Technology will certainly play a part in the newly imagined future of public health. The MOHT has teams that span across Singapore’s three pillars of healthcare — health promotion, primary care and hospital care — to provide cutting-edge science and technology solutions. The office runs several pilots, and a few successful ones are poised for nationwide scaling.
One such scheme tested a telehealth monitor device on a group of 120 patients last year. The bluetooth-enabled unit empowers chronic patients with hypertension to take their blood pressure readings at home, and transmit them automatically to a polyclinic. The scheme is also trialling tele-consultation and bilingual chatbot support. “Through this, we hope to empower and continue caring for individuals with chronic conditions through remote monitoring, which is especially crucial in this Covid-19 situation,” says Loke.

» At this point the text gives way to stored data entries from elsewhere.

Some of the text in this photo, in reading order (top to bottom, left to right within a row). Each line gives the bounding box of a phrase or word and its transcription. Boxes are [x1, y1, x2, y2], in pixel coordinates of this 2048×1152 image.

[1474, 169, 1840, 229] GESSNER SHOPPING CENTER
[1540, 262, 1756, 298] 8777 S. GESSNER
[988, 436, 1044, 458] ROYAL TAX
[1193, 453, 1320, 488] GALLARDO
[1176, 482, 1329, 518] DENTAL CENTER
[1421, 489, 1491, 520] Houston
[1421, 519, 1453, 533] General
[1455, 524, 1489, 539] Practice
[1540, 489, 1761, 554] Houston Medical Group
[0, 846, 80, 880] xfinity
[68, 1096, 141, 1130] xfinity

An application known as iConnect was originally designed to connect care teams and facilitate transition between health facilities by sharing patient information. But the app was recently repurposed to help polyclinic staff manage information and communicate with patients being tested for Covid, says Loke. “iConnect.COVID significantly improves the patient and clinician experience in swab-related registration, results management, and results notification.”

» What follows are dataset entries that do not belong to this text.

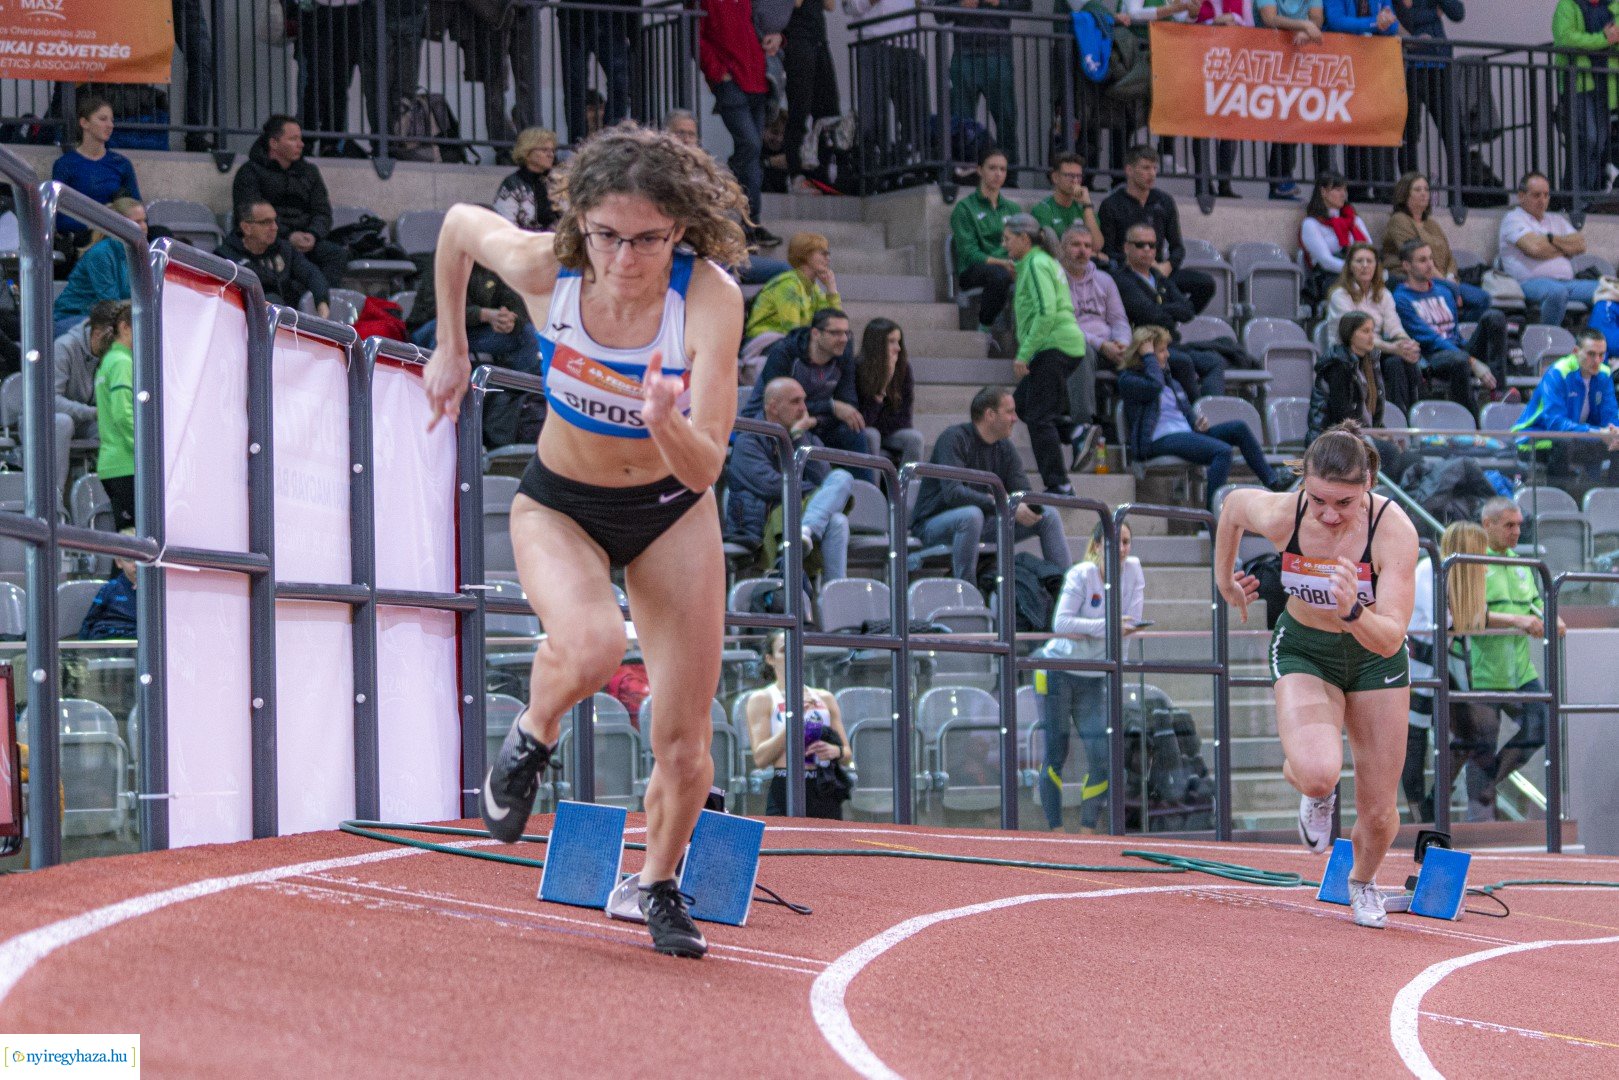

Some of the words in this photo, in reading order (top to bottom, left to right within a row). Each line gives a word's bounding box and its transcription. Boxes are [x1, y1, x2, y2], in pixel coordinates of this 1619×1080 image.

[0, 40, 33, 55] IKAI
[36, 41, 131, 58] SZÖVETSÉG
[32, 59, 107, 72] ASSOCIATION
[1204, 80, 1354, 123] VAGYOK
[1289, 584, 1369, 606] GÖBLS

The MOHT team is looking to leverage new IoT technologies to assist in health promotion. Wearables and environmental sensors, for example, can come together to give a holistic understanding of where and what influences people to exhibit healthy behaviours in their lifestyles. “Technology is helping us to integrate new capabilities and methods to make healthy living easier for Singaporeans,” says Loke.
Leveraging on data insights
Masses of data are collected and stored every day, but how much of it is actually analysed? One thing the pandemic has revealed is a gap in the availability of health data and complex evaluation methodologies. “With the Covid-19 pandemic, new challenges are emerging every day, and more data and insights are required to help us plan and design for healthy cities, especially if we are emerging into a ‘new normal’,” says Loke.

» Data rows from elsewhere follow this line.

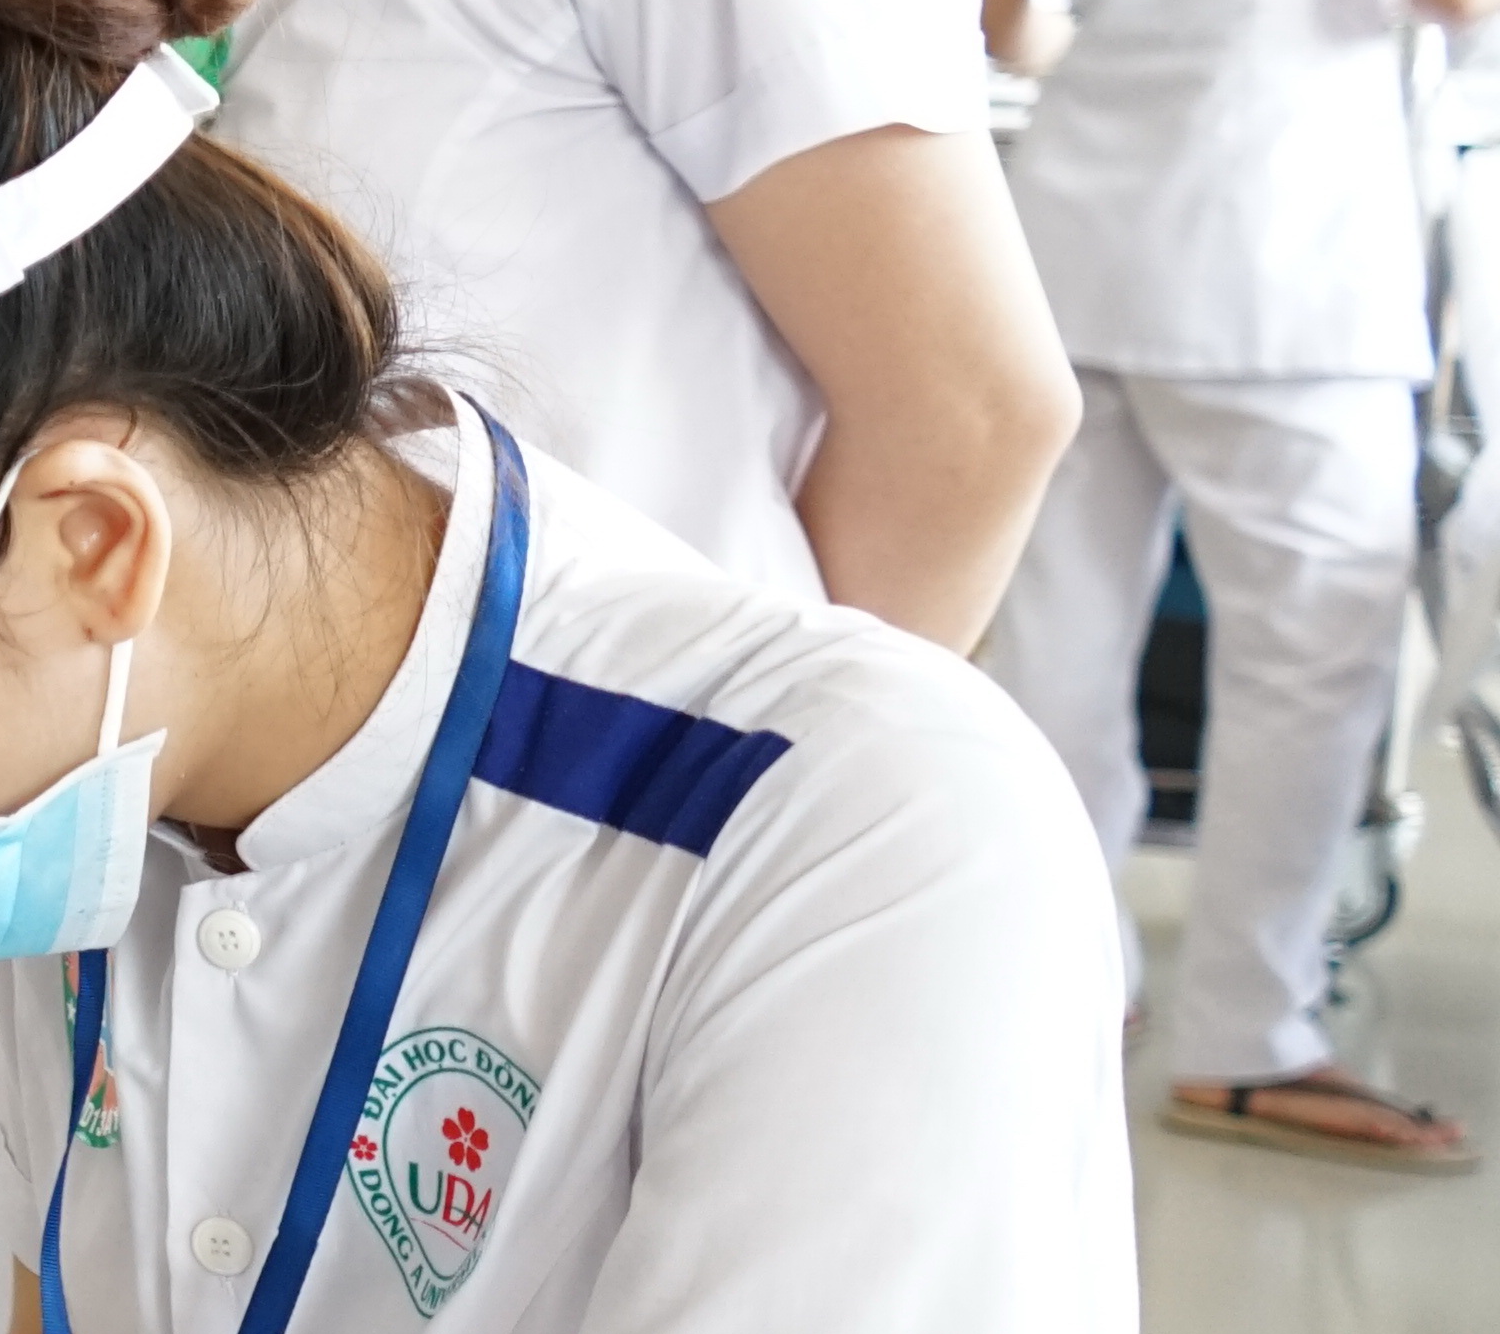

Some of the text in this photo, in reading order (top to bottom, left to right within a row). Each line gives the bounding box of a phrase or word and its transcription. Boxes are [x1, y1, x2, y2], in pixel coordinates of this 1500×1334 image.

[362, 1065, 405, 1121] ĐẠI
[401, 1039, 468, 1074] HỌC
[357, 1169, 414, 1261] DONG
[410, 1264, 424, 1290] A
[408, 1161, 493, 1242] UDA
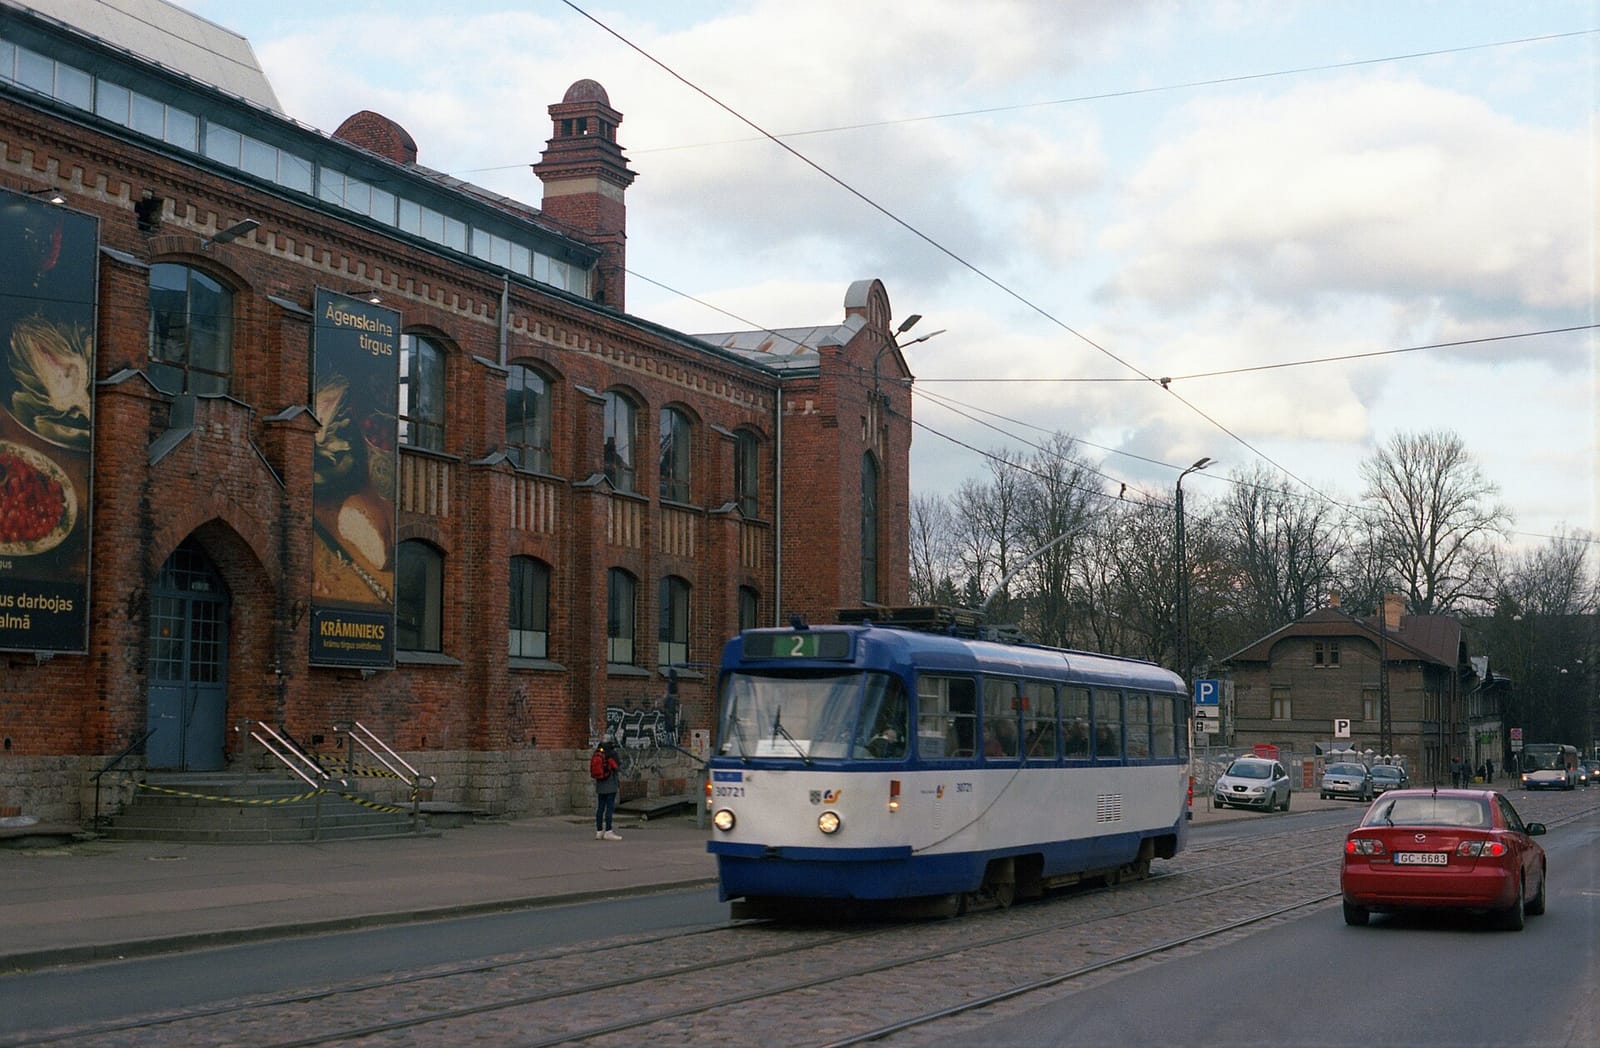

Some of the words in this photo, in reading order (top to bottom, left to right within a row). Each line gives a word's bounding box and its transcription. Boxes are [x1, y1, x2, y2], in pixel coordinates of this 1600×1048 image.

[325, 302, 393, 337] Āgenskalna
[359, 333, 393, 356] tirgus
[17, 592, 73, 613] darbojas
[320, 619, 385, 640] KRĀMINIEKS
[791, 635, 804, 656] 2
[1200, 682, 1214, 702] P
[1338, 720, 1348, 733] P
[715, 786, 745, 797] 30721

The increasing availability of data on our activities will inform urban design and the modelling of facilities. It will also improve the walkability of neighbourhoods and narrow socio-ecological disparities of health. Once these data are analysed, targeted, integrated and scalable initiatives can be developed to achieve sustained behaviour change across the community, Loke says.
As countries move out of lockdown, engineer Tomás Pueyo has coined a phrase for the delicate balance between mitigation and suppression – “the hammer and the dance”. The hammer refers to strict lockdown measures to suppress the spread of the virus, while the dance refers to the careful reopening of economies with measures in place to mitigate a second wave.
Indeed, battling this pandemic is akin to a carefully choreographed dance with a partner that’s still relatively unknown. We must approach with caution but stay open to new techniques that will help us maintain a fine balance.